Sul Corriere della sera di lunedì Ernesto Galli della Loggia invita Matteo Renzi a uscire dal generico quando indica all’opinione pubblica come “gufi e rosiconi” coloro che si oppongono alle riforme, e a “farne con coraggio i nomi e i cognomi”: sarebbe indispensabile al premier per conquistare “il consenso non più sulla sua persona, ma sulla sua politica”, e perché “la volontà riformatrice dall’alto sia sostenuta dall’appoggio massiccio e convinto dell’opinione pubblica, in una battaglia in cui però risulti chiaro chi è l’avversario e quali i suoi interessi”.
Si può dubitare che questa sia per Renzi (e forse anche per chiunque) la scelta da fare oggi. A parte tutto, quanto ci metterebbero questi “nomi e cognomi dei nemici delle riforme” a diventare nei media, nella Rete e nei social network, i “nemici di Renzi”? “Tutti” sarebbero d’accordo con lui? Non ci sarebbero, fra chi vuole le riforme, dissensi su questo o quel nome? E su chi fra i “responsabili”, non sia mai, non fosse in questo elenco? E non ne nascerebbe una cagnara inverosimile? Tanto più che l’elenco sarebbe infinito. Come notava Machiavelli, “il riformatore ha per nemici tutti coloro che prosperano sotto il vecchio ordine”, e certo non escludeva dal novero famigli, clienti e alleati dei “potenti”, in una società molto meno complessa e articolata della nostra attuale, e dove lo Stato offriva, direttamente e indirettamente, molte meno opportunità di occupazione e di ruoli, e spendeva molto, ma molto di meno per il welfare di tutti (con i relativi canali di controllo).

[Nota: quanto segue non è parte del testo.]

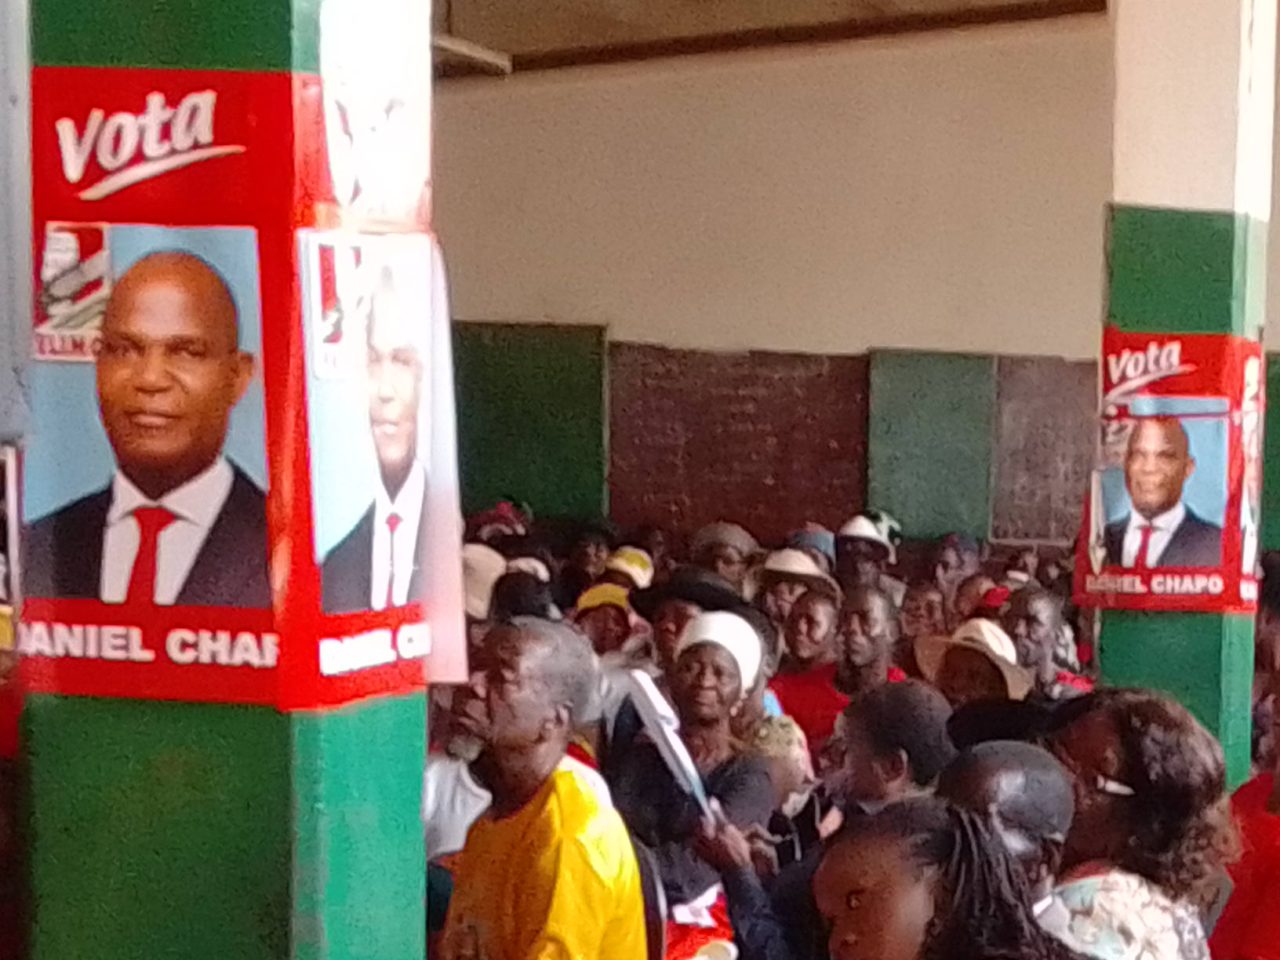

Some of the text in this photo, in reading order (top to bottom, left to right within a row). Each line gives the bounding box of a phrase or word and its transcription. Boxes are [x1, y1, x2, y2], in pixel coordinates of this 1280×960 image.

[55, 90, 218, 183] Vota
[1106, 340, 1182, 385] Vota
[1151, 573, 1225, 594] CHAPO

Vasto programma, che solo il ricorso, certo involontario, alle scorciatoie di un pensiero primitivo può riportare a nomi. Mentre su punti di programma e per misure concrete di cambiamento che – a viso aperto o con tattiche e dissimulazioni varie – sono osteggiate da persone e centri di potere più che noti o individuabili: non dovrebbe essere difficile notarli all’osservazione e all’analisi di cronisti e redattori che, essi sì, sui media per cui lavorano, potrebbero farne i nomi e i cognomi. Anche prima e in assenza di cose soltanto sospette o “da verificare”, di quelle di cui si occupano le questure, la magistratura e, tanto volentieri, il Fatto Quotidiano.